The late teens/ transition between high school and whatever comes after that can be a really tricky time for young people and their young people, and I think you are so spot on when you say it can be so hard for young people when some of their peers seem to be sailing through all of those milestones (knowing exactly what they want to study at uni, getting their driving license, moving out, travelling), while they're still not quite sure what the future holds for them. We definitely hear this a lot on our youth forums (we have a youth forum for 14-25 year olds) - 2020 in particular was such a rocky and uncertain year, and I think that a lot of young people can experience anxiety about finding their purpose in life/ finding work/ what to study/ what adult life holds for them.
@JamOnToast I'm sorry to hear about your son's accident, that does sound pretty nasty and I can understand if his confidence has taken a bit of a knock, especially with the setback of failing his sailing exam. It sounds like it might be all about encouraging those baby steps for now, as frustrating as that may feel at times. Hiding away from the world can become a bit of a viscious cycle, but making small changes can hopefully have an incremental positive effect and help him to break out of the cycle of avoidance.
I also love the idea of talking via text- another strategy that has sometimes helped me when I'm having curlier conversations with my daughter has been talking while driving/ bushwalking etc - there's something about having something else to focus on and not being directly face to face that seems to help.
It sounds like you are doing an amazing job and supporting and encouraging your son, I hope that things start to turn around for you all soon.
03-27-2021 01:17 AM
It was a pleasure to respond to your situation with your son and to think about it. I really believe we need to look out for each other and as our kids get older, we don't have that same banter we had with other parents when they were younger, and covid has really compounded that.
I was thinking back to when I left school and I was in a serious relationship and I went to uni but my boyfriend didn't and was a very kind soul, but not the brightest spark. He broke up with me shortly after I started uni because he thought I'd be better off without him. He felt inadequate and that our ships were sailing to two very different ports. So, I wonder if you son is feeling low with his girlfriend going to uni and him being in limbo. I personally believe that it's only worth engaging in a course if you're ally sure that's what you're wanting to do now that uni is so expensive. Doing a trade can earn really good money and is more hands on. My son's careers advisor put me onto the VIA Questionaire which looks at your strengths and what you'd be suited to. Mine showed I had a very high level of curiosity, which didn't surprised me as I'm a writer and researcher, but I'd never appreciated that aspect of it before.

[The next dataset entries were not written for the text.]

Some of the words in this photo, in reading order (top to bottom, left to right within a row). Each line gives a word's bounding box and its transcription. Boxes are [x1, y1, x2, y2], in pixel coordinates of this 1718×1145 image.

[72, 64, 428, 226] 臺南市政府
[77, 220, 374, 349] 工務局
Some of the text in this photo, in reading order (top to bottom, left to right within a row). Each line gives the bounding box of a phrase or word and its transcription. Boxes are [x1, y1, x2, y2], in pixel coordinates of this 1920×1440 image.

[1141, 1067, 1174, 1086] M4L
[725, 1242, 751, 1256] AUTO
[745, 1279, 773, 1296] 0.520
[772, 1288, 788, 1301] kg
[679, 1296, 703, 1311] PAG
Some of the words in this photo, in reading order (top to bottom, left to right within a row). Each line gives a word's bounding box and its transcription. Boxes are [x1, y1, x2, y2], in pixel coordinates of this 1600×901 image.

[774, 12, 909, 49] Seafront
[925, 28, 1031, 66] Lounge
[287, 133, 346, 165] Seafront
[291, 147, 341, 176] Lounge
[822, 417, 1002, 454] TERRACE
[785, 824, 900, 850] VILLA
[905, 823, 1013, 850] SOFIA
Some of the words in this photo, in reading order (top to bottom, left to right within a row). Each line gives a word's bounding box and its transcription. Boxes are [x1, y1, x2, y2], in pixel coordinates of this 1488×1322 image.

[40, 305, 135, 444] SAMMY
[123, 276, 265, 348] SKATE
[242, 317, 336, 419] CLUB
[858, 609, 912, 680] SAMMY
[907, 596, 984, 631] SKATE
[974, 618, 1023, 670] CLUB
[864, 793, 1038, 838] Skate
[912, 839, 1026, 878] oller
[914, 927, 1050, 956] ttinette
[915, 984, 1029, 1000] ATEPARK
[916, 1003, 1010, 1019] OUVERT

I also went to a talk at the school this week about anxiety and was reminded of a few things, which I thought you and others reading this might might helpful. They talked about writing down three things of what went well during the day every day. This readjusts your focus on what went well rather than problem-solving and focusing on what went wrong. I also thought that for parents particularly with special needs kids or kids that are struggling or annoying, that you might at least find one thing they did well every day which would boost their confidence as well as reassuring you that something is going right or that despite their challenges, they're making progress, feeling happy etc.
I was also reminded by a young person this week about the need for space from parents.
Meanwhile, I have my own struggles with trying to motivate Mr 17. I don't know whether I mentioned to you that he decided to rearrange and declutter his room and emptied virtually the contents of his room into our loungeroom like you see on TV. However, he didn't have an army of elves to help him and I was struggling with asthma at the time and couldn't help. His frustration escalated in a meltdown and a trip to Emergency, which fortunately resolved fairly quickly. However, we packed all the stuff up and it's been in the kitchen family room area now for a few months. That is, aside from when we borrowed a friend's van to stash it for his recent birthday party. We finally decided to start culling it today, and much to our relief he didn't seem to mind. It's hard to establish and maintain our boundaries when he blows up and it's easier to say nothing. It is so challenging having to be a psychology expert with the kids and then feeling like to you need one for yourself but you've run out of energy to look out for yourself. Overall, however, we're going okay and taking things slowly.
I hope you have a good weekend.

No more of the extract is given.